Early versus deferred androgen suppression in the treatment of advanced prostatic cancer: A systematic review

the Cochrane Library 2, 2005
T Wilt, B Nair, R MacDonald and J Rutks

Study purpose: Androgen suppression refers to treatments that use drugs to interrupt a man’s production of male hormones like testosterone that help prostate cancer cells grow. It is a mainstay of therapy for men with “advanced” prostate cancer that has spread outside the prostate gland. However, it remains unclear whether starting androgen suppression treatments as early as possible actually helps men when compared to the standard method of “deferred” androgen suppression, done at a later date when a man’s prostate cancer is worsening. This review judges the usefulness of both early and deferred androgen suppression.

Study description: The reviewers used computerized medical databases to find relevant published studies. Four different trials involving a total 2,167 men were chosen for study. Each of the studies had randomly divided its participants into groups getting either early androgen suppression treatment or later treatment.
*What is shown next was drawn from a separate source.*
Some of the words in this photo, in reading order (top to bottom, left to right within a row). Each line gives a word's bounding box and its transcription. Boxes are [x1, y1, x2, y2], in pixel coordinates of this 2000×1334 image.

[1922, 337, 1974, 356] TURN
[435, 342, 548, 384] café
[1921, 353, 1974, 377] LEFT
Findings: The authors found that 88% of the men in the trials who got early androgen suppression were alive after one year. After two years, 73% remained alive, a percentage that dropped over five and ten years (44% and 18%, respectively). In comparison, men who received the later deferred therapy were worse off: the percent of their “overall survival” at one, two, five and ten years was 86%, 71%, 37%, and 12%. The authors calculated an overall estimate for the difference in time lived among all the participants in the studies, but this total overall survival rate was only statistically significant at ten years — in reality, few patients lived that long. Complications from the treatment were found in only one study, but happened more often in the early treatment group.
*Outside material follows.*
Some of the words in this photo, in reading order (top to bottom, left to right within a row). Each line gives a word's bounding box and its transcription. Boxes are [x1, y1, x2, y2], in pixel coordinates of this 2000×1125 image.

Conclusions: Early androgen suppression for treatment of advanced prostate cancer reduces the worsening of disease experienced by patients and limits complications due to worsening cancer.
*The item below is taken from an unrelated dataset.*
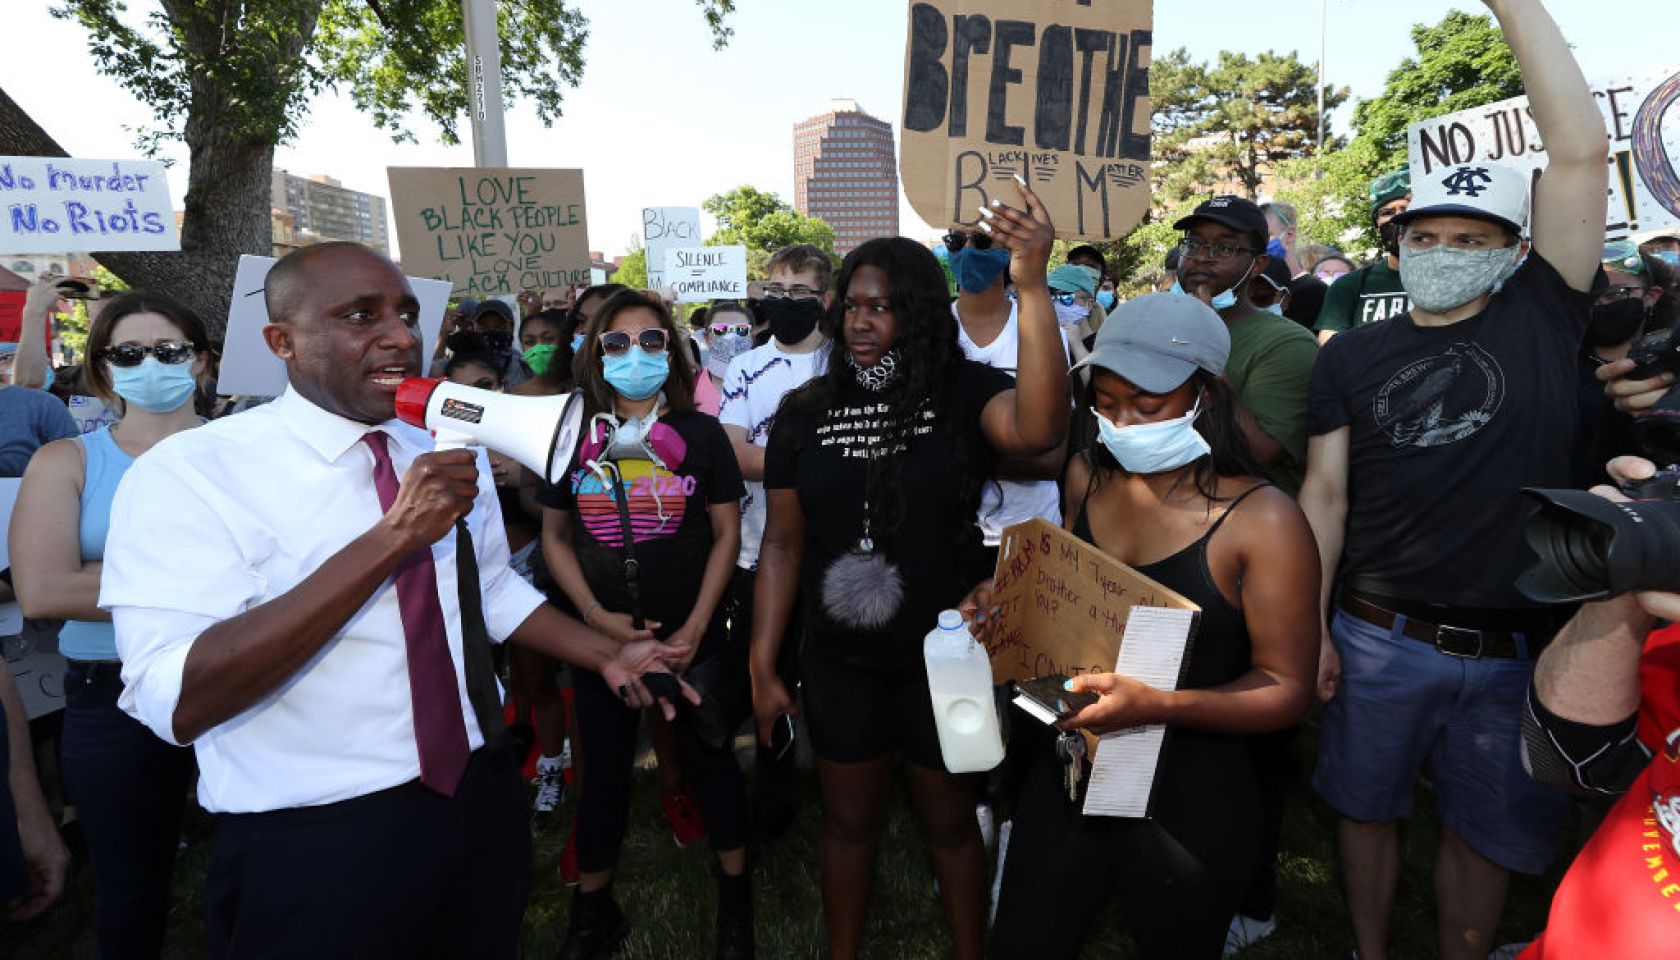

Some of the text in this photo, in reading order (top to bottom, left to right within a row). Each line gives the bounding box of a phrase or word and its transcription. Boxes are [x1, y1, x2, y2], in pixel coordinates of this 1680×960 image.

Note: The authors note that results from the four studies were influenced by differences in study methods and design.

Meta-analysis of clinical trials of atrasentan 10 mg in metastatic hormone-refractory prostate cancer

Journal of Clinical Oncology

2004 ASCO Annual Meeting Proceedings 23(16S): 4563, supplement June 2005
N J Vogelzang, J B Nelson, C C Schulman, D P Dearnaley, F Saad, D J Sleep, J D Isaacson and M A Carducci

Study purpose: This meta-analysis compares and analyzes results from two studies where 1,002 men were given ten milligrams of the medication atrasentan to fight metastatic hormone–refractory prostate cancer or HRPC — cancer that spreads outside the prostate and is unresponsive to treatment blocking the male body’s production of the hormone testosterone, which feeds prostate cancer cells. Sold under the name Xinlay, atrasentan is an endolethin-A receptor antagonist that can halt prostate cancer cell growth and make cells more likely to die. Research from the two original studies suggests that 10 mg of atrasentan delays the worsening of cancer that has spread to bony sites in the body, and changes the way tumours and bone interface.

Study description: A meta-analysis is a statistical method combining results from studies in order to re-examine the overall evidence together. In this study, a meta-analysis was performed to more precisely define the benefit of atrasentan (10 mg) in HRPC patients. Results were put together from 1,002 men in two different studies that stopped observing patients when their cancer worsened. The authors of the meta-analysis re-examined the original data to observe the time it took for the cancer to worsen after taking atrasentan, the time before patients felt bone pain, and the time it took for serum prostate-specific antigen (PSA) tests to indicate the cancer was worsening.

Findings: Compared with taking a placebo, patients treated with atrasentan were 14% less likely to have a worsening of their cancer and 18% less likely to feel bone pain. They also had a 22% less chance of seeing PSA results worsen. The probability of not having their prostate cancer worsen was 10% greater 3 months into treatment, and 22% greater at 6 months.

Conclusions: Taking atrasentan significantly benefits men with metastatic HRPC.